The Obama administration announced a plan to cut $320 billion over 10 years from the projected growth of Medicare and Medicaid. The plan would raise premiums and deductibles, lower payments to hospitals and require elderly people who receive care at home to make co-payments.

But before charging consumers more and eliminating valuable services, we should be much more aggressive in recovering money stolen from these taxpayer-supported programs. According to some estimates, health care fraud is a $250 billion-a-year industry, and about $100 billion of that is stolen from Medicare, the health care program for the elderly, and Medicaid, the insurance program for the poor and disabled.

There are many ways to defraud taxpayers. For example, a hospital chain can buy drugs at a steep discount and then bill Medicare for high sticker prices. Doctors can bill for procedures that never happened, or for drugs that were supplied to them by pharmaceutical companies free of charge, or pharmaceutical companies can promote a drug for risky, unapproved uses.

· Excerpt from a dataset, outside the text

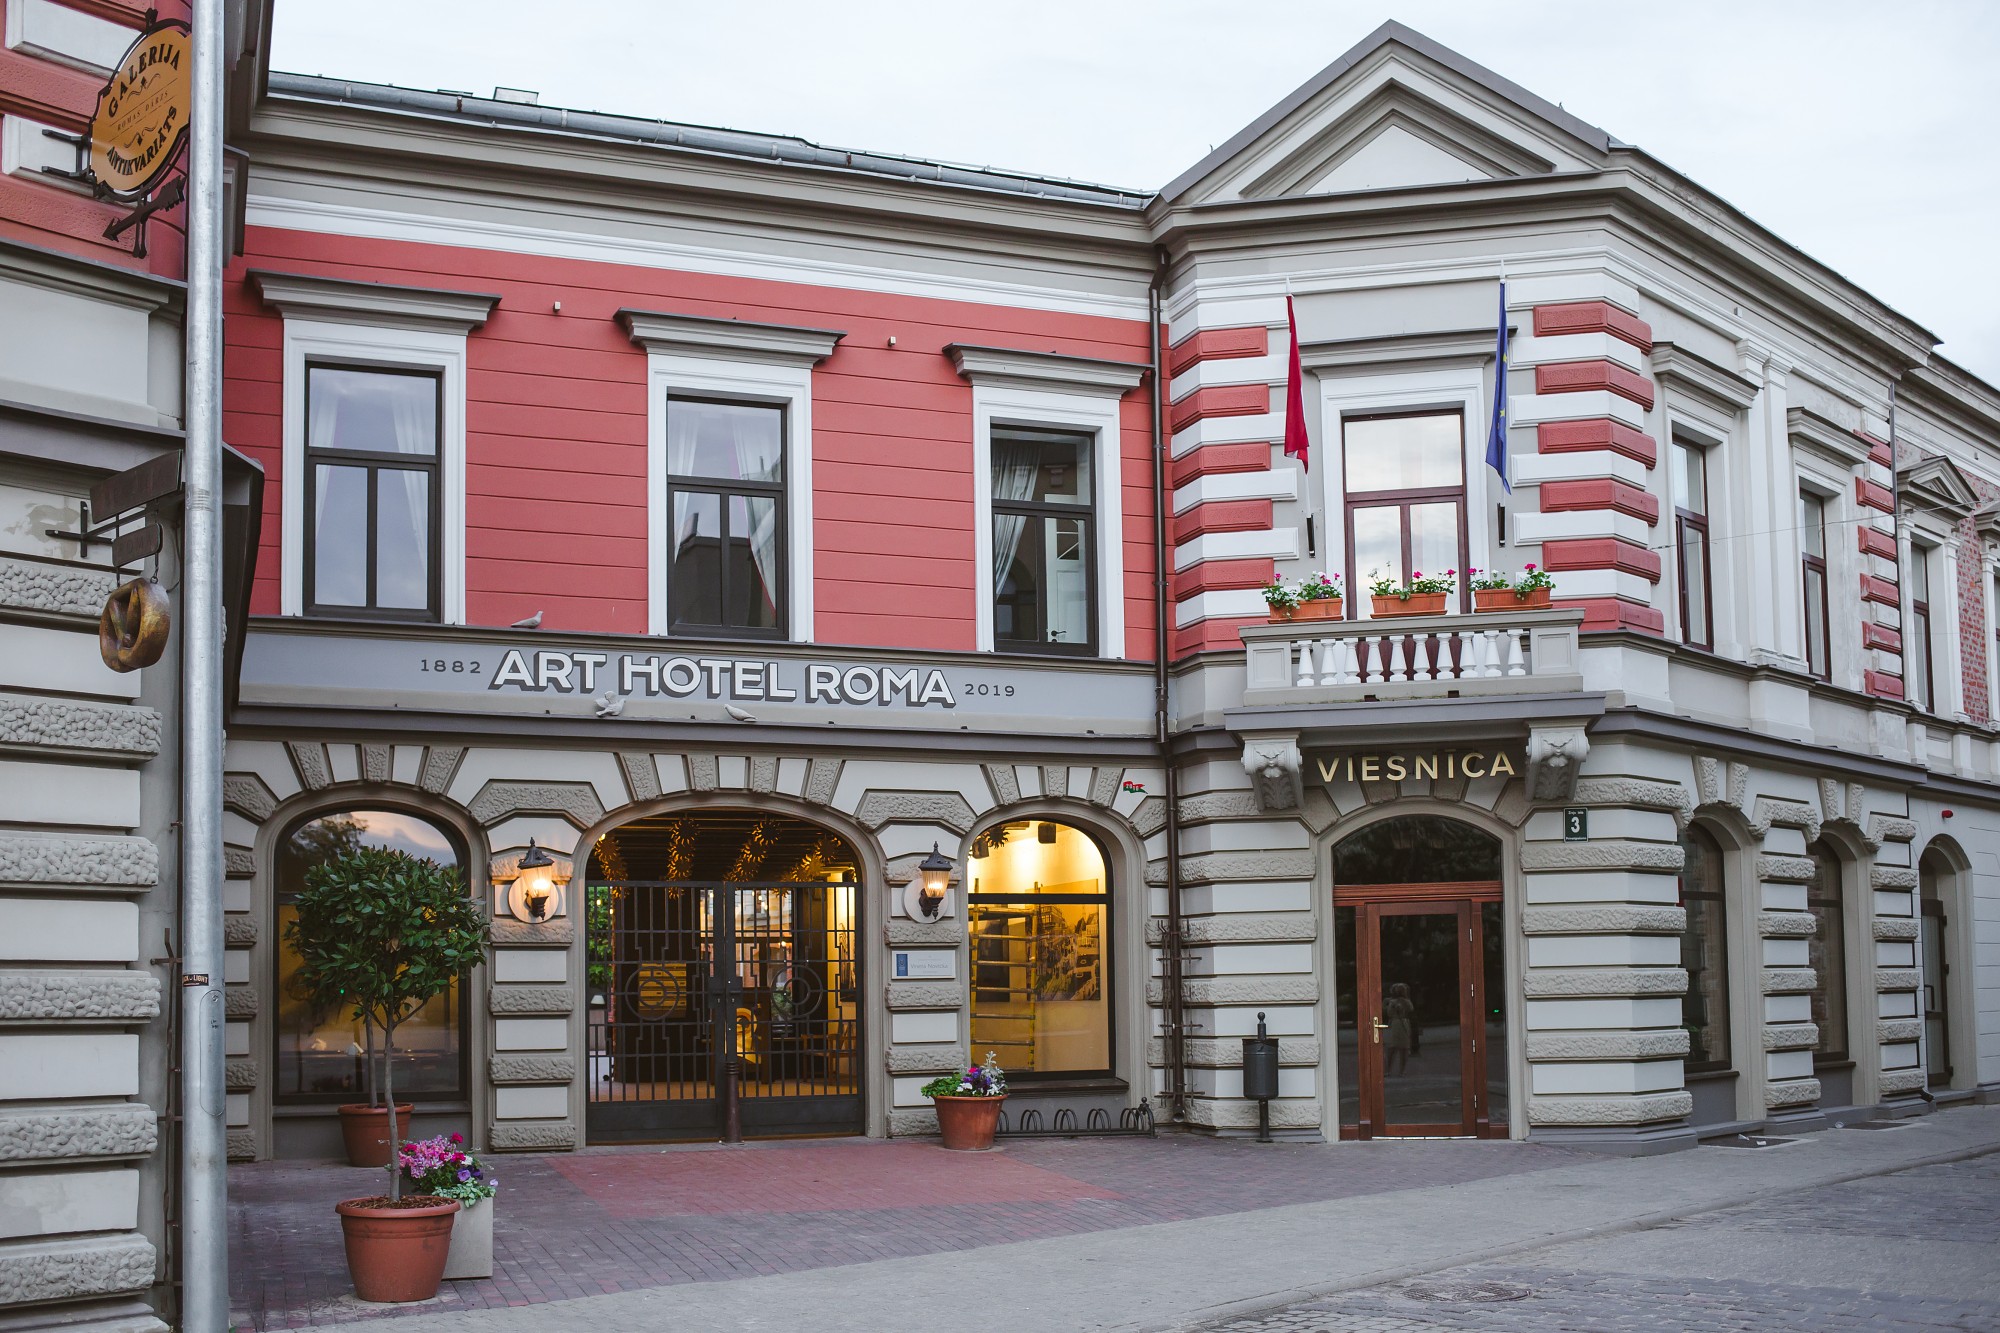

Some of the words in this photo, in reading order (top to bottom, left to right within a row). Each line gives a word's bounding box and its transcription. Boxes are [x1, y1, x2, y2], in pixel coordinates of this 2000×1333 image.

Recovering billions of dollars from these ruses won’t solve the problem of rising health care costs, but it’ll go a long way in helping to reduce waste and protect services.

Many states already aggressively pursue health care fraud. In 2005, a whistle-blower accused Quest Diagnostics, the chain of medical laboratories worth over $7 billion, of deliberately overcharging California’s insurance program for poor and disabled people, Medi-Cal, for more than 15 years. He alleged that Quest had paid kickbacks in the form of free tests and discounts to doctors and hospitals that referred patients to its labs. Recently, while denying wrongdoing, the company settled for $241 million. According to California’s attorney general, Kamala D. Harris, it was the largest fraud settlement in the history of the state’s False Claims Act.